> Exercise objective
Go through the records and restate them word for word, omitting images.

> Exercise input
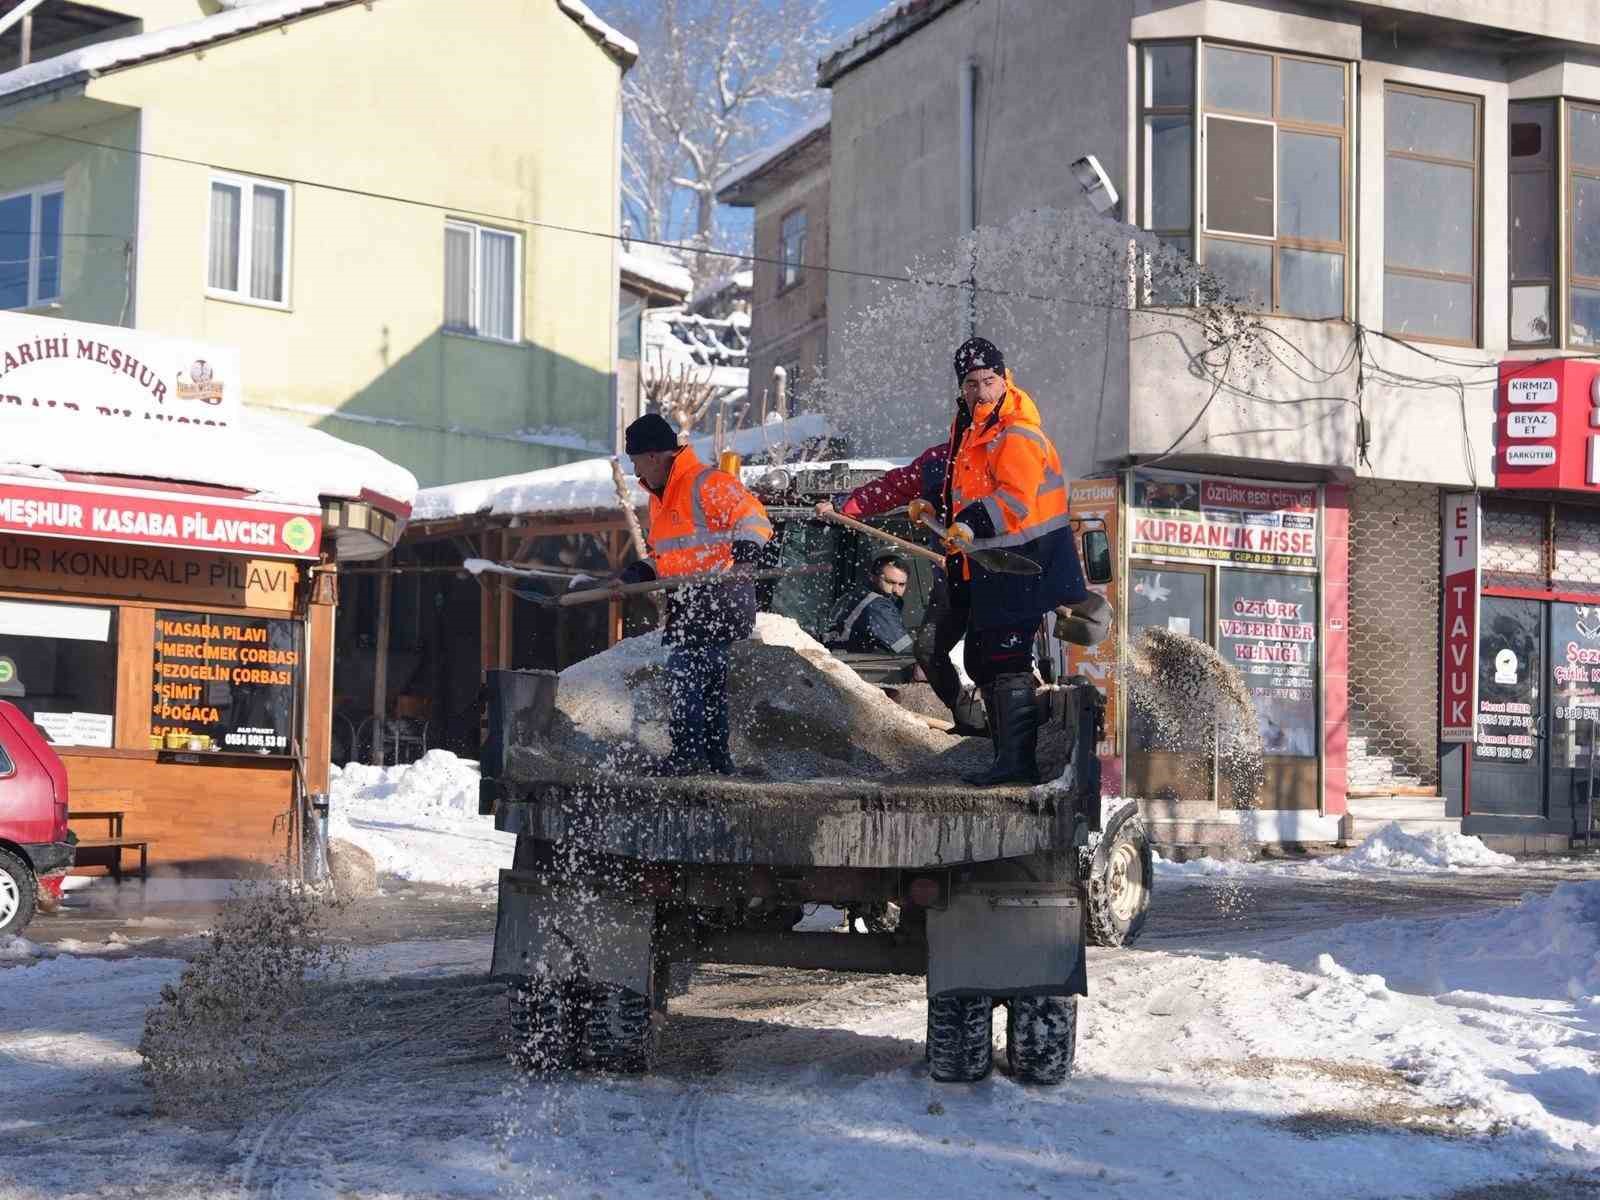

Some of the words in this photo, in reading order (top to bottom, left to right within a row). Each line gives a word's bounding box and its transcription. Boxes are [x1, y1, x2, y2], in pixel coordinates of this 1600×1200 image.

[0, 333, 69, 377] ARİHİ
[77, 338, 168, 404] MEŞHUR
[1512, 381, 1552, 391] KIRMIZI
[1525, 391, 1538, 400] ET
[1514, 415, 1548, 424] BEYAZ
[1524, 425, 1537, 434] ET
[1207, 482, 1247, 503] ÖZTÜRK
[92, 507, 178, 538] KASABA
[182, 511, 276, 546] PİLAVCISI
[1135, 519, 1253, 550] KURBANLIK
[1454, 507, 1468, 557] ET
[50, 548, 201, 585] KONURALP
[1233, 598, 1302, 620] ÖZTÜRK
[164, 621, 221, 639] KASABA
[223, 626, 267, 643] PİLAVI
[1220, 618, 1315, 642] VETERİNER
[163, 642, 237, 661] MERCİMEK
[239, 648, 299, 665] ÇORBASI
[1451, 586, 1469, 723] TAVUK
[163, 663, 230, 681] EZOGELİN
[232, 668, 292, 685] ÇORBASI
[161, 683, 203, 700] SİMİT
[161, 704, 220, 725] POĞAÇA

> Solution for this task
Some of the words in this photo, in reading order (top to bottom, left to right within a row). Each line gives a word's bounding box and its transcription. Boxes are [x1, y1, x2, y2], in pixel coordinates of this 1600×1200 image.

[0, 333, 69, 377] ARİHİ
[77, 338, 168, 404] MEŞHUR
[1512, 381, 1552, 391] KIRMIZI
[1525, 391, 1538, 400] ET
[1514, 415, 1548, 424] BEYAZ
[1524, 425, 1537, 434] ET
[1207, 482, 1247, 503] ÖZTÜRK
[92, 507, 178, 538] KASABA
[182, 511, 276, 546] PİLAVCISI
[1135, 519, 1253, 550] KURBANLIK
[1454, 507, 1468, 557] ET
[50, 548, 201, 585] KONURALP
[1233, 598, 1302, 620] ÖZTÜRK
[164, 621, 221, 639] KASABA
[223, 626, 267, 643] PİLAVI
[1220, 618, 1315, 642] VETERİNER
[163, 642, 237, 661] MERCİMEK
[239, 648, 299, 665] ÇORBASI
[1451, 586, 1469, 723] TAVUK
[163, 663, 230, 681] EZOGELİN
[232, 668, 292, 685] ÇORBASI
[161, 683, 203, 700] SİMİT
[161, 704, 220, 725] POĞAÇA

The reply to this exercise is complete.